The Real del Monte Hospital in Pachuca, founded in 1907, was one of the first hospitals to integrate orthopedics, occupational medicine, and rehabilitation. This hospital (now a museum) attended patients that worked on the mines, and still preserves the first splints for hands, feet, and spine, which were used to stabilise fractured segments.
The rehabilitation service of the Federico Gómez Children’s Hospital was inaugurated on its opening day, 30 April 1943. This was the breeding ground for great doctors who contributed to the formation of other rehabilitation centres, such as Dr Ibarra, who later became the director of the National Rehabilitation Institute. Currently this is biggest and most important rehabilitation centre in Mexico city, and includes a physiotherapy and occupational therapy school.
The National Institute of Cardiology was one of the first services to have a cardiac Rehabilitation department, whose head was Dr Nicandro Chávez, who was a pioneer in training doctors in the specialty of cardiac rehabilitation. The National Institute of Cardiology offers the specialty of cardiac rehabilitation to physiotherapists and is one of the few postgraduate courses for physiotherapists.
The Central Military Hospital and the American British Codwray Hospital had a rehabilitation service managed by nursing staff who had training abroad in rehabilitation and physiotherapy
The Mexican Institute of Rehabilitation was, in its time, one of the most important rehabilitation centres in Latin America. The operational model of the Institute through multidisciplinary work transformed the concept of rehabilitation into the inclusion and labour re-adaptation of rehabilitated patients. The Mexican Institute of Rehabilitation was also one of the first five schools to offer technical courses in physiotherapy and occupational therapy, while providing rehabilitation services and having technicians in the manufacturing of orthoses and prostheses.

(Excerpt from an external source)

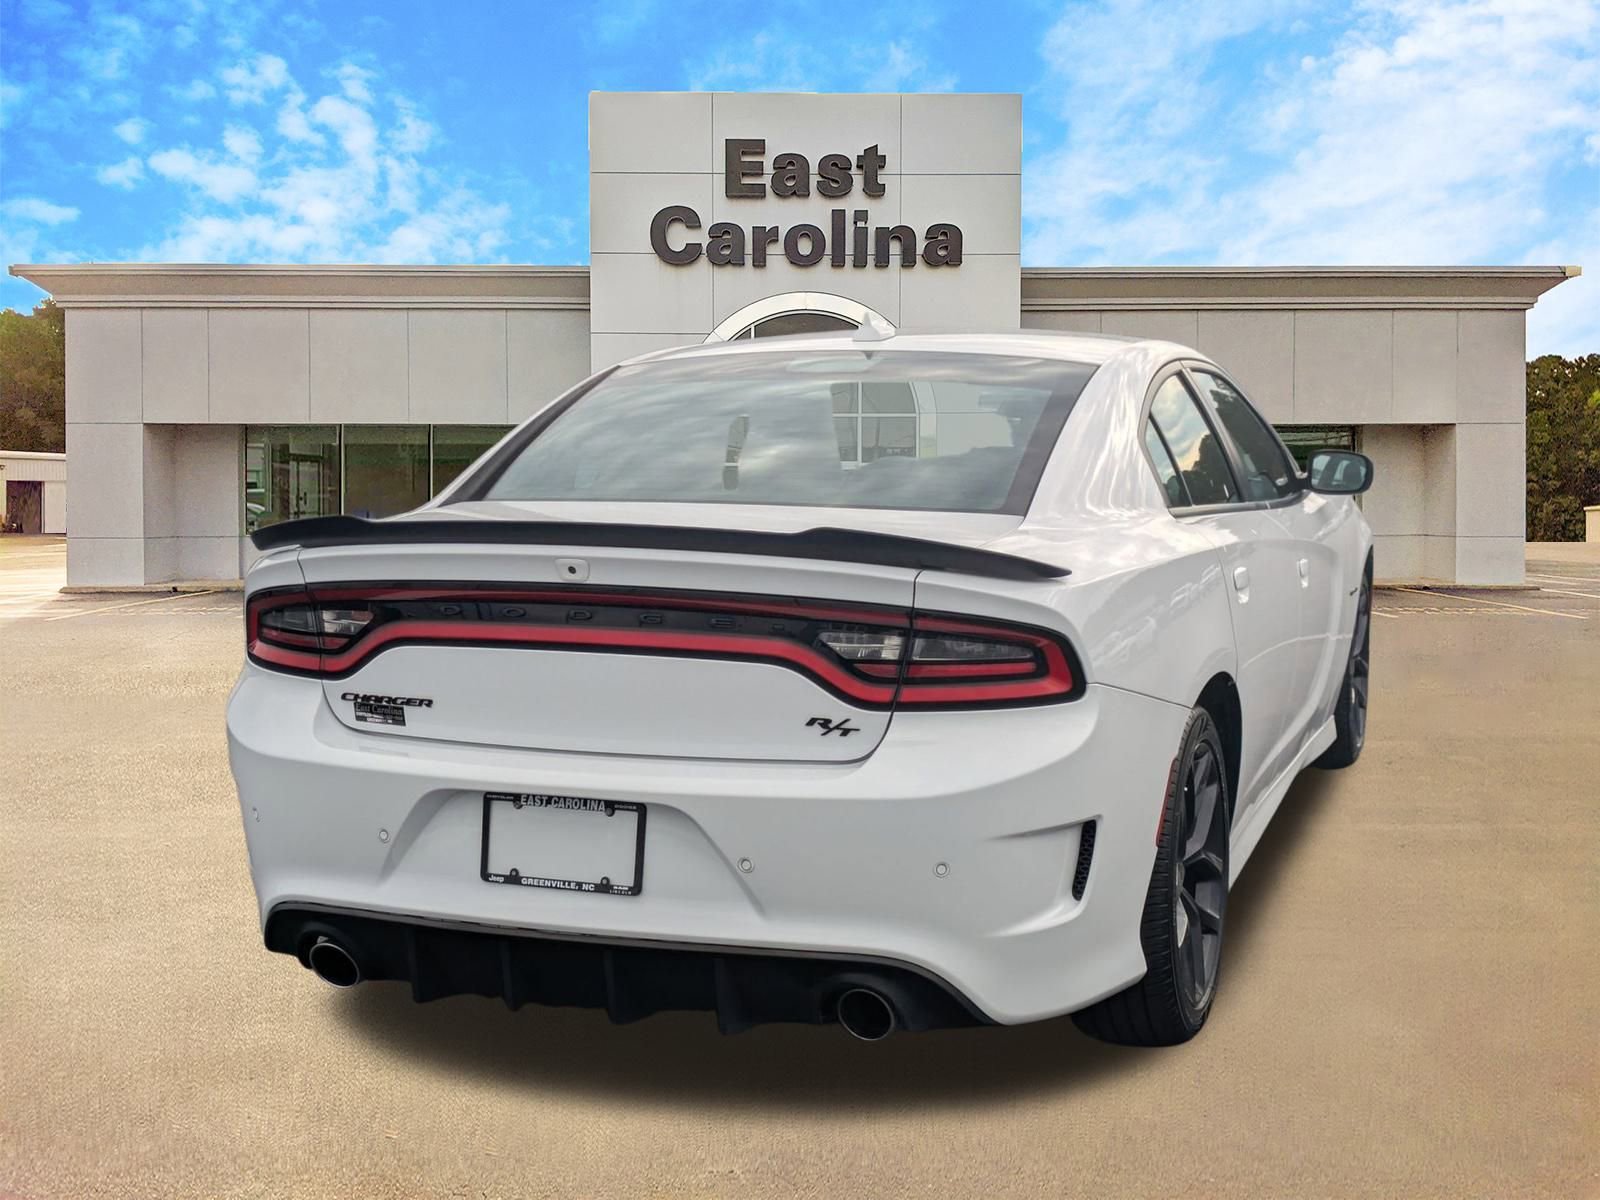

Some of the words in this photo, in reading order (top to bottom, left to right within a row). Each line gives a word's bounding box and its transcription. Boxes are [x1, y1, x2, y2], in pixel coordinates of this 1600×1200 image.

The National Medical Center (CMN) of the Mexican Institute of Social Security was inaugurated in 1963, which included physical medicine and rehabilitation services at the Traumatology, Orthopedics, and Rehabilitation Hospital and at the Pediatrics Hospital of the CMN.

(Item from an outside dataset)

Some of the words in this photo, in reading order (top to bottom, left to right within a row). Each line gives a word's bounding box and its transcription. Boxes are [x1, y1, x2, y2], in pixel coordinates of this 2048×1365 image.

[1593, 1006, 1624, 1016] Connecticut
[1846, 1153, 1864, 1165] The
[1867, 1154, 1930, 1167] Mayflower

In 1971, the National Rehabilitation Program was established. The Musculoskeletal Rehabilitation Center changed its name to the National Institute of Rehabilitation Medicine, Audiology, and Human Communication, forming a rehabilitation centre where therapies such as physiotherapy, occupational therapy, orthotics and prosthetics, and speech therapy were applied. Starting in 1975, the school for Rehabilitation Technicians of the Ministry of Health (SSA) was established at the Musculoskeletal Rehabilitation Center, incorporating technical programs in physiotherapy, occupational therapy, and orthoprothesis. Years later, it became the National Rehabilitation Institute, a name it still holds to this day.

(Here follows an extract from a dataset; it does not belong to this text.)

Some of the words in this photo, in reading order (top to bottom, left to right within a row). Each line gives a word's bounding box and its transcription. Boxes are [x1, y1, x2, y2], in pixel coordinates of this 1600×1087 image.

For its part, the Mexican Social Security Institute (IMSS) created the IMSS National Rehabilitation Center for Work in Metepec, Puebla, which was inaugurated on April 26, 1982, to rehabilitate workers. These rehabilitation centres contemplated integrating an interdisciplinary team with different professionals such as physiotherapists, occupational therapists, orthoprothetists, social work, psychology, speech therapy, etc., which strengthened the practice and multidisciplinary work.
References
Morales Cosme AD & Rodríguez Pérez ME. (2023). Historia de la terapéutica en México: Recursos, tratamientos y procedimientos, México. Departamento de Historia y Filosofía de la Medicina, Facultad de Medicina, UNAM, 2023. (Monografías de Historia y Filosofía de la Medicina, 10).